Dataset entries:
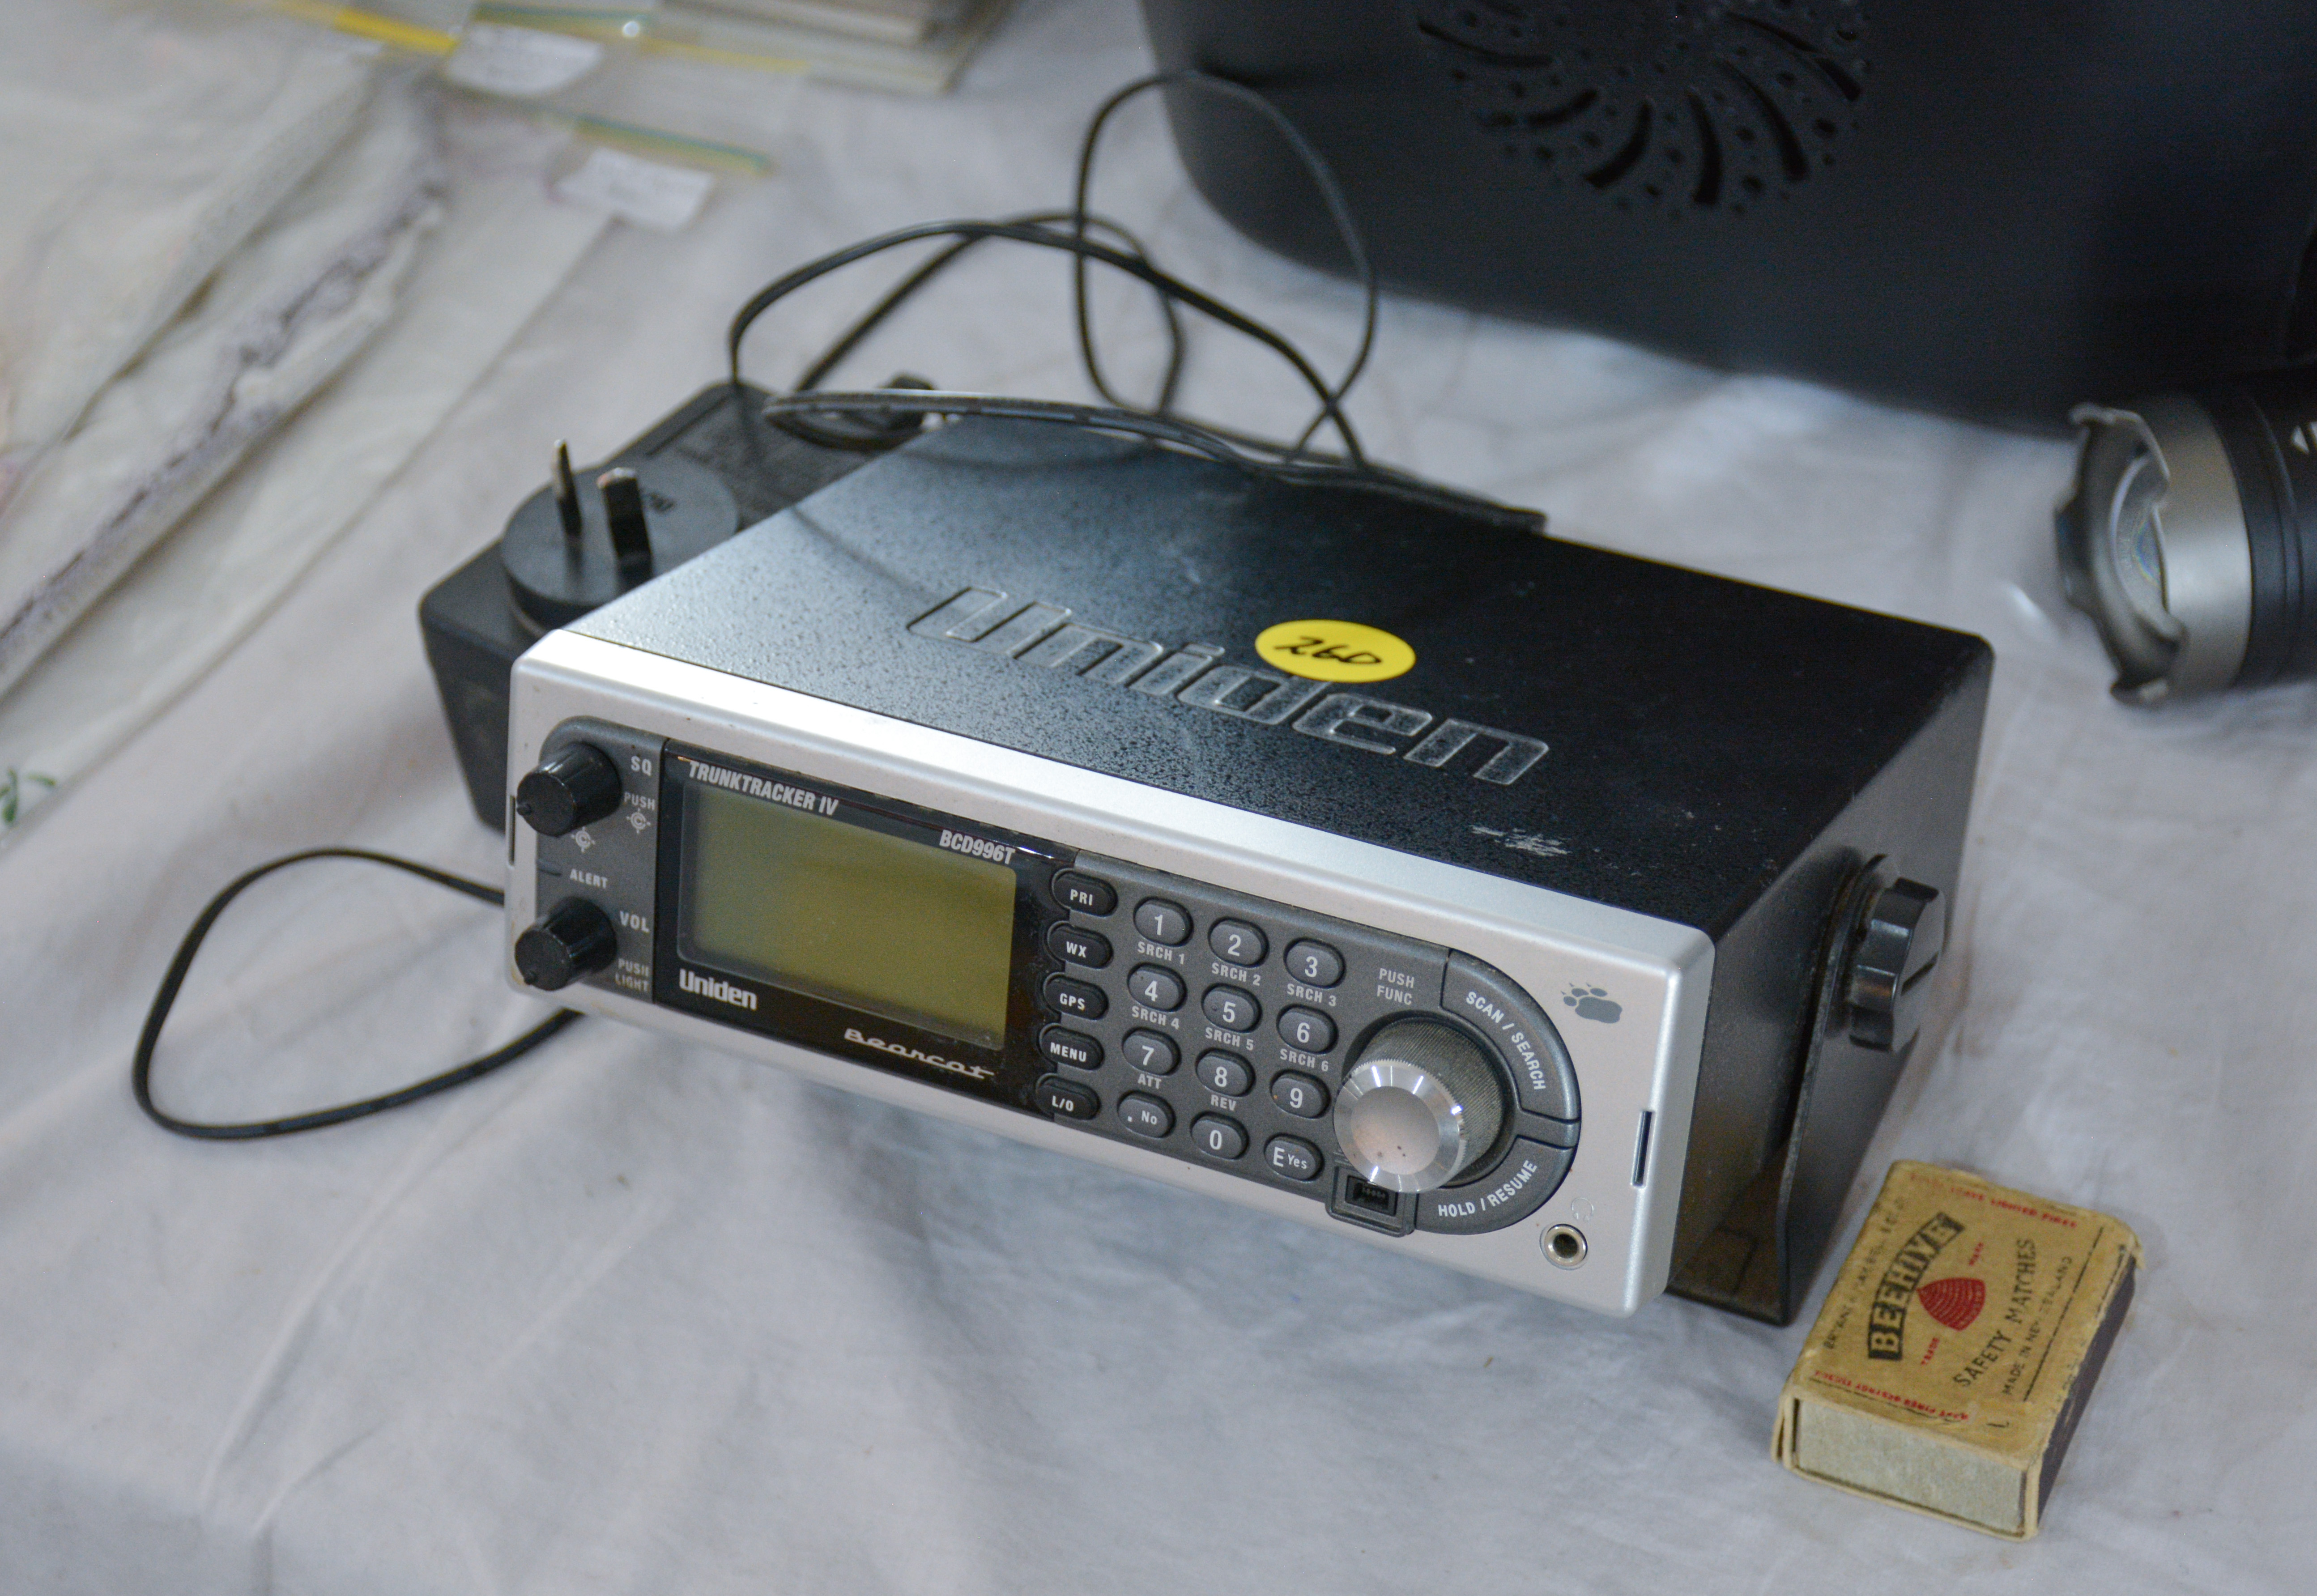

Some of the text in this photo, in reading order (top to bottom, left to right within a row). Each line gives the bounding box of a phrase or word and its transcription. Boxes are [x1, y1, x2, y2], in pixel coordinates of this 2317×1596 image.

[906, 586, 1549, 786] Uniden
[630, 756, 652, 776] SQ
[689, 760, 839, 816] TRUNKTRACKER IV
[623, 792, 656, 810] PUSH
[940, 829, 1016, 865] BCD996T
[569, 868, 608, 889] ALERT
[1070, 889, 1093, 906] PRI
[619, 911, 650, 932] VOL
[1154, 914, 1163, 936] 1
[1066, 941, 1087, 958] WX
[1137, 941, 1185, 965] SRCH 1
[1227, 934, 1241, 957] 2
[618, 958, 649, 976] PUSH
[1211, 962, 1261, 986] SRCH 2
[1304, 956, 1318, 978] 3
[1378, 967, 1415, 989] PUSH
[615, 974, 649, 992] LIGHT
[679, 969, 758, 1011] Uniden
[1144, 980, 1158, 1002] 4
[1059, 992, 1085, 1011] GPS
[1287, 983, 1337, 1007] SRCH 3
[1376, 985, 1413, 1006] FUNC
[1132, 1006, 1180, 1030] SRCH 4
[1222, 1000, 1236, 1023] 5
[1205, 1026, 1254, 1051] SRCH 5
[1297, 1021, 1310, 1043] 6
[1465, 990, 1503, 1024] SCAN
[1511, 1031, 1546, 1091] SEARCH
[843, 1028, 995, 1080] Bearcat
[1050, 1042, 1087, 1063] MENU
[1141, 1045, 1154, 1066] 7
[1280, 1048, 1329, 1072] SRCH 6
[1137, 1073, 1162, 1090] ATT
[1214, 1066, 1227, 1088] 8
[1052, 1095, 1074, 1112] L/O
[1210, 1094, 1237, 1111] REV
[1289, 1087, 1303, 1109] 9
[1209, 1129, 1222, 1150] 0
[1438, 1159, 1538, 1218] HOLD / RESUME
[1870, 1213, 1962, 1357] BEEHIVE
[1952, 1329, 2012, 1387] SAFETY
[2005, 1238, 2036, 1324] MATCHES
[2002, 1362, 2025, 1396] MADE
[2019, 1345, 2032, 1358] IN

What to produce:
Please print the data above once more, exactly and without images.

Solution below:
Some of the text in this photo, in reading order (top to bottom, left to right within a row). Each line gives the bounding box of a phrase or word and its transcription. Boxes are [x1, y1, x2, y2], in pixel coordinates of this 2317×1596 image.

[906, 586, 1549, 786] Uniden
[630, 756, 652, 776] SQ
[689, 760, 839, 816] TRUNKTRACKER IV
[623, 792, 656, 810] PUSH
[940, 829, 1016, 865] BCD996T
[569, 868, 608, 889] ALERT
[1070, 889, 1093, 906] PRI
[619, 911, 650, 932] VOL
[1154, 914, 1163, 936] 1
[1066, 941, 1087, 958] WX
[1137, 941, 1185, 965] SRCH 1
[1227, 934, 1241, 957] 2
[618, 958, 649, 976] PUSH
[1211, 962, 1261, 986] SRCH 2
[1304, 956, 1318, 978] 3
[1378, 967, 1415, 989] PUSH
[615, 974, 649, 992] LIGHT
[679, 969, 758, 1011] Uniden
[1144, 980, 1158, 1002] 4
[1059, 992, 1085, 1011] GPS
[1287, 983, 1337, 1007] SRCH 3
[1376, 985, 1413, 1006] FUNC
[1132, 1006, 1180, 1030] SRCH 4
[1222, 1000, 1236, 1023] 5
[1205, 1026, 1254, 1051] SRCH 5
[1297, 1021, 1310, 1043] 6
[1465, 990, 1503, 1024] SCAN
[1511, 1031, 1546, 1091] SEARCH
[843, 1028, 995, 1080] Bearcat
[1050, 1042, 1087, 1063] MENU
[1141, 1045, 1154, 1066] 7
[1280, 1048, 1329, 1072] SRCH 6
[1137, 1073, 1162, 1090] ATT
[1214, 1066, 1227, 1088] 8
[1052, 1095, 1074, 1112] L/O
[1210, 1094, 1237, 1111] REV
[1289, 1087, 1303, 1109] 9
[1209, 1129, 1222, 1150] 0
[1438, 1159, 1538, 1218] HOLD / RESUME
[1870, 1213, 1962, 1357] BEEHIVE
[1952, 1329, 2012, 1387] SAFETY
[2005, 1238, 2036, 1324] MATCHES
[2002, 1362, 2025, 1396] MADE
[2019, 1345, 2032, 1358] IN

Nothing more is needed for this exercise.